Make labels encoder.

In [35]:
from sklearn.preprocessing import LabelEncoder
label_encoder = LabelEncoder()
train_labels_encoded = label_encoder.fit_transform(train_data["discourse_type"].to_numpy())
test_labels_encoded = label_encoder.fit_transform(test_data["discourse_type"].to_numpy())
val_labels_encoded = label_encoder.fit_transform(val_data["discourse_type"].to_numpy())

In [37]:
num_class = len(label_encoder.classes_)
num_class, label_encoder.classes_

(5,
 array(['BACKGROUND', 'CONCLUSIONS', 'METHODS', 'OBJECTIVE', 'RESULTS'],
       dtype=object))

## Create datasets with tf.data API

The main steps we use with our data is to turn it into `PrefetchDataset` of batches.

In [45]:
# turn our data into Tensorflow datasets
train_dataset = tf.data.Dataset.from_tensor_slices((train_sentences, train_lables_one_hot))
test_dataset = tf.data.Dataset.from_tensor_slices((test_sentences, test_lables_one_hot))
val_dataset = tf.data.Dataset.from_tensor_slices((val_sentences, val_lables_one_hot))

In [46]:
# take TensorflowSliceDataset's and turn them into prefetched batches
train_dataset = train_dataset.batch(32).prefetch(tf.data.AUTOTUNE)
test_dataset = test_dataset.batch(32).prefetch(tf.data.AUTOTUNE)
val_dataset = val_dataset.batch(32).prefetch(tf.data.AUTOTUNE)

In [47]:
train_dataset, test_dataset, val_dataset

(<PrefetchDataset shapes: ((None,), (None, 5)), types: (tf.string, tf.float64)>,
 <PrefetchDataset shapes: ((None,), (None, 5)), types: (tf.string, tf.float64)>,
 <PrefetchDataset shapes: ((None,), (None, 5)), types: (tf.string, tf.float64)>)

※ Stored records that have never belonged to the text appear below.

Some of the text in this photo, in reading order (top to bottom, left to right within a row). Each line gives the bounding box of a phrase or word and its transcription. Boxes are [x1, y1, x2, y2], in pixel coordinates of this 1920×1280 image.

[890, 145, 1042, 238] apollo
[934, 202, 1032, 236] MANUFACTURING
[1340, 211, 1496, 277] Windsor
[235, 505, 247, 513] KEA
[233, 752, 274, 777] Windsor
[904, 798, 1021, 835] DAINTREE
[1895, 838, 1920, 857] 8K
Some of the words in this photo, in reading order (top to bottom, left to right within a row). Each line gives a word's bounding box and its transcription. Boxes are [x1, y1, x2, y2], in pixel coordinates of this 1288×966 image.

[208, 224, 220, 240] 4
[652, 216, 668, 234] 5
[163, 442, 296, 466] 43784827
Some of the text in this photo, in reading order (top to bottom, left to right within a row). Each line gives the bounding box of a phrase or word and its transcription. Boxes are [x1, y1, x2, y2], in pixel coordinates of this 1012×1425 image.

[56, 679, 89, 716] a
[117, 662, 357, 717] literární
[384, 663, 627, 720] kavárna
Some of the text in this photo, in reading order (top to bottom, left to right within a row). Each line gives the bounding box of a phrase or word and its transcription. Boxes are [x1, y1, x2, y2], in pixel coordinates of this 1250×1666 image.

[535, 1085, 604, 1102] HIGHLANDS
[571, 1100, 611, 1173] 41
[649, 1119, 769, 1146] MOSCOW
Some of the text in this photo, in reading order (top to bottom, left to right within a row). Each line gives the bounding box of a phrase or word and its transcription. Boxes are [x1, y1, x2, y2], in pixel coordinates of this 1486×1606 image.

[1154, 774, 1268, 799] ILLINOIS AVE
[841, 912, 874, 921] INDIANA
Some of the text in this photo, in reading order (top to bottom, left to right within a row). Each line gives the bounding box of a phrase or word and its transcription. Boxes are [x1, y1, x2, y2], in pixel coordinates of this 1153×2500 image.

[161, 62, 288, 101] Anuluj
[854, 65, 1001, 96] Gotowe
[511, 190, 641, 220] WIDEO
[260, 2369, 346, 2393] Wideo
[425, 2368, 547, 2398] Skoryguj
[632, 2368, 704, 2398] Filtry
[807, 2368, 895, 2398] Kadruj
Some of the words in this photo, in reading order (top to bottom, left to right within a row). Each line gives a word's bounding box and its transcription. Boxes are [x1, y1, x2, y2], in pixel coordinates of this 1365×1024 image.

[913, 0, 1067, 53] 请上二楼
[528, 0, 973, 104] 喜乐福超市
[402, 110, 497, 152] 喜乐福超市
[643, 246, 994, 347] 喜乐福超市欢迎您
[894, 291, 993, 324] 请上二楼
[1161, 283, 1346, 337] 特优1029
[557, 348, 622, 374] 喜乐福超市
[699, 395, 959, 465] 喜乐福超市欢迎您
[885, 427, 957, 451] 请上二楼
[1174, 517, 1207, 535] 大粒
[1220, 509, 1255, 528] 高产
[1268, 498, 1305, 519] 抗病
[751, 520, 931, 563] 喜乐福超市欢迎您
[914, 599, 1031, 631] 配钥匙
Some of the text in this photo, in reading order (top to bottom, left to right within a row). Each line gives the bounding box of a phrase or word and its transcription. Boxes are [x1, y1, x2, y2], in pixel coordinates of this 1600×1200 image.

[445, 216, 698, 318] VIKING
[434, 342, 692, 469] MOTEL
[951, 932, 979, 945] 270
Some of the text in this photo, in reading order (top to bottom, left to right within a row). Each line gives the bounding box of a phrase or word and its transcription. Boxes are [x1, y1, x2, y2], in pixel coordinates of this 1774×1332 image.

## Create Simple Conv1D model

In [49]:
inputs = layers.Input(shape = (1,), dtype = tf.string)
x = text_vectorizer(inputs)
x = embedding(x)
x = layers.Conv1D(filters = 64, kernel_size = 5, activation = "relu", padding = "same")(x)
x = layers.GlobalAveragePooling1D()(x)
outputs = layers.Dense(num_class, activation = "softmax")(x)
model1_Conv1D = tf.keras.Model(inputs, outputs, name="model1_Conv1D")

In [50]:
model1_Conv1D.summary()

Model: "model1_Conv1D"
_________________________________________________________________
 Layer (type)                Output Shape              Param #   
 input_4 (InputLayer)        [(None, 1)]               0         
                                                                 
 text_vectorization (TextVec  (None, 55)               0         
 torization)                                                     
                                                                 
 tokes_embedding (Embedding)  (None, 55, 128)          8704000   
                                                                 
 conv1d_3 (Conv1D)           (None, 55, 64)            41024     
                                                                 
 global_average_pooling1d_1   (None, 64)               0         
 (GlobalAveragePooling1D)                                        
                                                                 
 dense_2 (Dense)             (None, 5)               

In [51]:
# compile model
model1_Conv1D.compile(loss="categorical_crossentropy",
                     optimizer=tf.keras.optimizers.Adam(),
                     metrics=["accuracy"])

Fit the model.

In [54]:
model1_Conv1D.fit( train_dataset,
                  steps_per_epoch=int(0.1 * len(train_dataset)),
                  epochs=3,
                  validation_data = val_dataset,
                  validation_steps = int(0.1 * len(val_dataset))
                 )

Epoch 1/3
Epoch 2/3
Epoch 3/3


<keras.callbacks.History at 0x17f26e554f0>

In [55]:
# evaluate model
model1_Conv1D.evaluate(val_dataset)



[0.585313618183136, 0.7899178862571716]

In [56]:
model1_pred_probs = model1_Conv1D.predict(val_dataset)

In [57]:
model1_pred_probs

array([[4.4027787e-01, 1.4899255e-01, 8.2412697e-02, 3.0343747e-01,
        2.4879478e-02],
       [4.3888324e-01, 2.7221543e-01, 1.5566239e-02, 2.6431456e-01,
        9.0205297e-03],
       [1.9784681e-01, 5.2143876e-03, 1.5086071e-03, 7.9539645e-01,
        3.3762430e-05],
       ...,
       [4.3376230e-07, 9.0905094e-05, 8.0912217e-04, 2.6279827e-07,
        9.9909925e-01],
       [1.9595772e-02, 4.2454383e-01, 7.0767745e-02, 2.4107980e-02,
        4.6098468e-01],
       [2.1675684e-01, 5.0665849e-01, 8.1012905e-02, 5.9875127e-02,
        1.3569674e-01]], dtype=float32)

In [60]:
# convert pred probs into classes
model1_preds = tf.argmax(model1_pred_probs, axis = 1)

In [61]:
model1_preds

<tf.Tensor: shape=(30212,), dtype=int64, numpy=array([0, 0, 3, ..., 4, 4, 1], dtype=int64)>

In [65]:
model1_results = calculate_results(y_true = val_labels_encoded,
                                  y_pred = model1_preds)

In [66]:
model1_results

{'accuracy': 78.99179134118893,
 'precision': 0.7842417701717078,
 'recall': 0.7899179134118893,
 'f1': 0.7862287791407456}